_Work order_
Word for word, write out all the entries below, omitting every picture.

_Dataset entries_

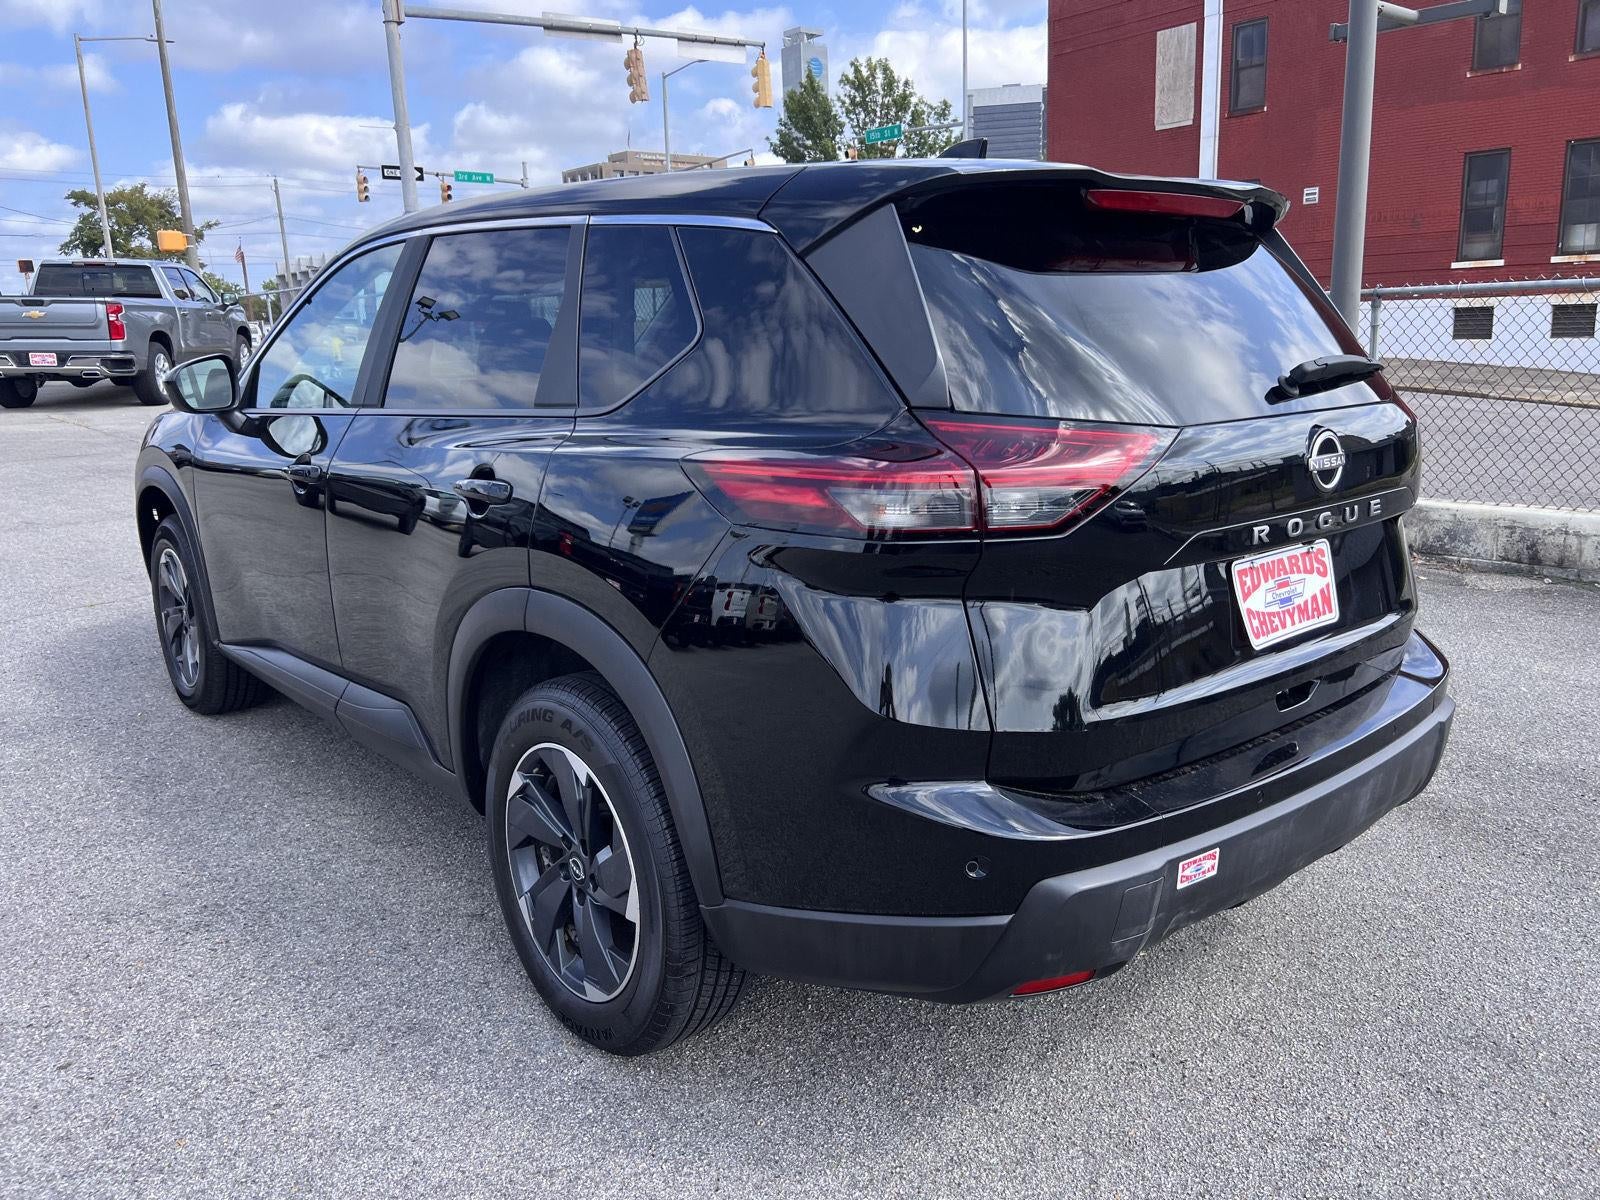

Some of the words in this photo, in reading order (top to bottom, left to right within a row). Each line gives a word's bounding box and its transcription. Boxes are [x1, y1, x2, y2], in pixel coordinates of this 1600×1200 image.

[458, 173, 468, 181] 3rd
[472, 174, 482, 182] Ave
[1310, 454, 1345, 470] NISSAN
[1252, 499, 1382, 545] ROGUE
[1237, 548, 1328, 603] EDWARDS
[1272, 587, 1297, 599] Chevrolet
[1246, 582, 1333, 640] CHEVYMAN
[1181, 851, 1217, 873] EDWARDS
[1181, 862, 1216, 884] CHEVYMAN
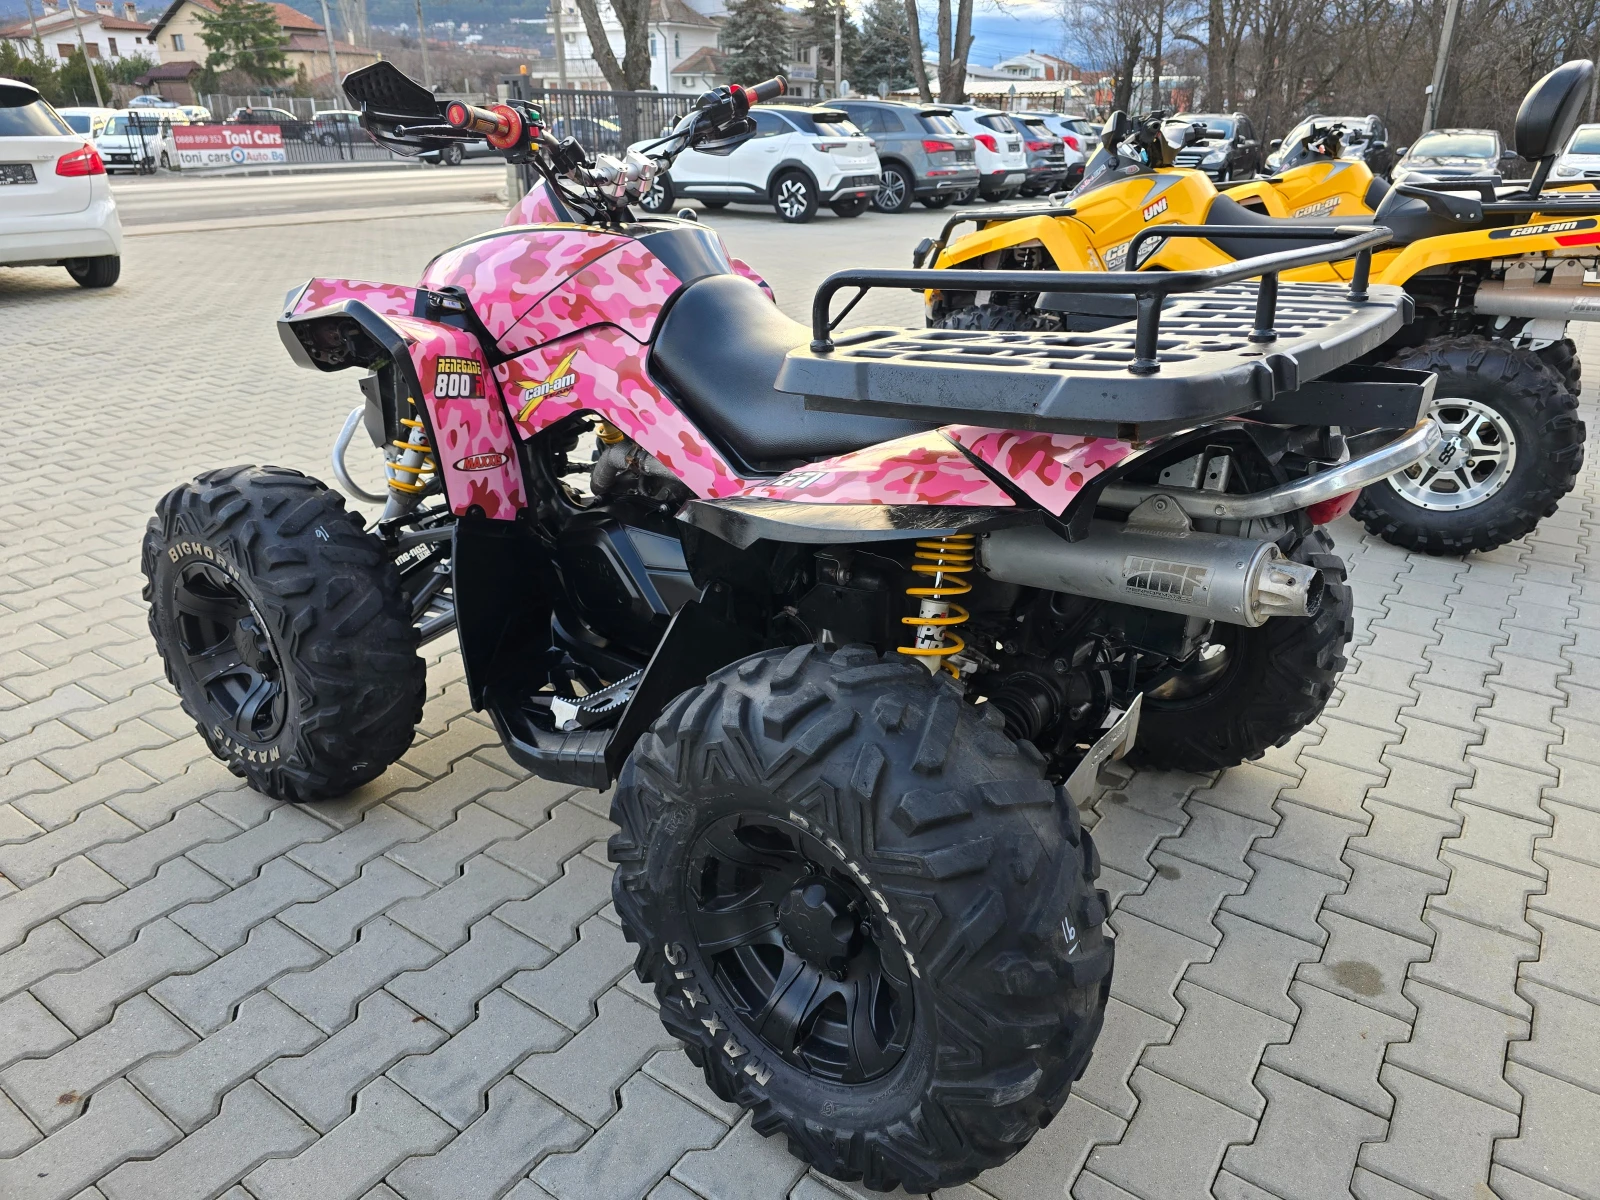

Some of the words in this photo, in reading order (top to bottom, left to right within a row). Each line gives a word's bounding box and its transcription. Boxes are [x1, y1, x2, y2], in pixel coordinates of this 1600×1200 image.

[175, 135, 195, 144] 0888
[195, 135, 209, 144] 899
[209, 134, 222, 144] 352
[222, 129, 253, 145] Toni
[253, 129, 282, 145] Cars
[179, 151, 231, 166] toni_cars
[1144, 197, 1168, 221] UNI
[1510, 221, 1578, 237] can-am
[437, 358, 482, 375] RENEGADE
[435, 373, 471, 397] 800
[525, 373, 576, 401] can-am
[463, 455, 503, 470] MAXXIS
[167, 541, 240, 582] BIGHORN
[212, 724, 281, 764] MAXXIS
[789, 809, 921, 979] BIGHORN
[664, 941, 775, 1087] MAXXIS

_Written reply_
Some of the words in this photo, in reading order (top to bottom, left to right within a row). Each line gives a word's bounding box and its transcription. Boxes are [x1, y1, x2, y2], in pixel coordinates of this 1600×1200 image.

[458, 173, 468, 181] 3rd
[472, 174, 482, 182] Ave
[1310, 454, 1345, 470] NISSAN
[1252, 499, 1382, 545] ROGUE
[1237, 548, 1328, 603] EDWARDS
[1272, 587, 1297, 599] Chevrolet
[1246, 582, 1333, 640] CHEVYMAN
[1181, 851, 1217, 873] EDWARDS
[1181, 862, 1216, 884] CHEVYMAN

Some of the words in this photo, in reading order (top to bottom, left to right within a row). Each line gives a word's bounding box and its transcription. Boxes are [x1, y1, x2, y2], in pixel coordinates of this 1600×1200 image.

[175, 135, 195, 144] 0888
[195, 135, 209, 144] 899
[209, 134, 222, 144] 352
[222, 129, 253, 145] Toni
[253, 129, 282, 145] Cars
[179, 151, 231, 166] toni_cars
[1144, 197, 1168, 221] UNI
[1510, 221, 1578, 237] can-am
[437, 358, 482, 375] RENEGADE
[435, 373, 471, 397] 800
[525, 373, 576, 401] can-am
[463, 455, 503, 470] MAXXIS
[167, 541, 240, 582] BIGHORN
[212, 724, 281, 764] MAXXIS
[789, 809, 921, 979] BIGHORN
[664, 941, 775, 1087] MAXXIS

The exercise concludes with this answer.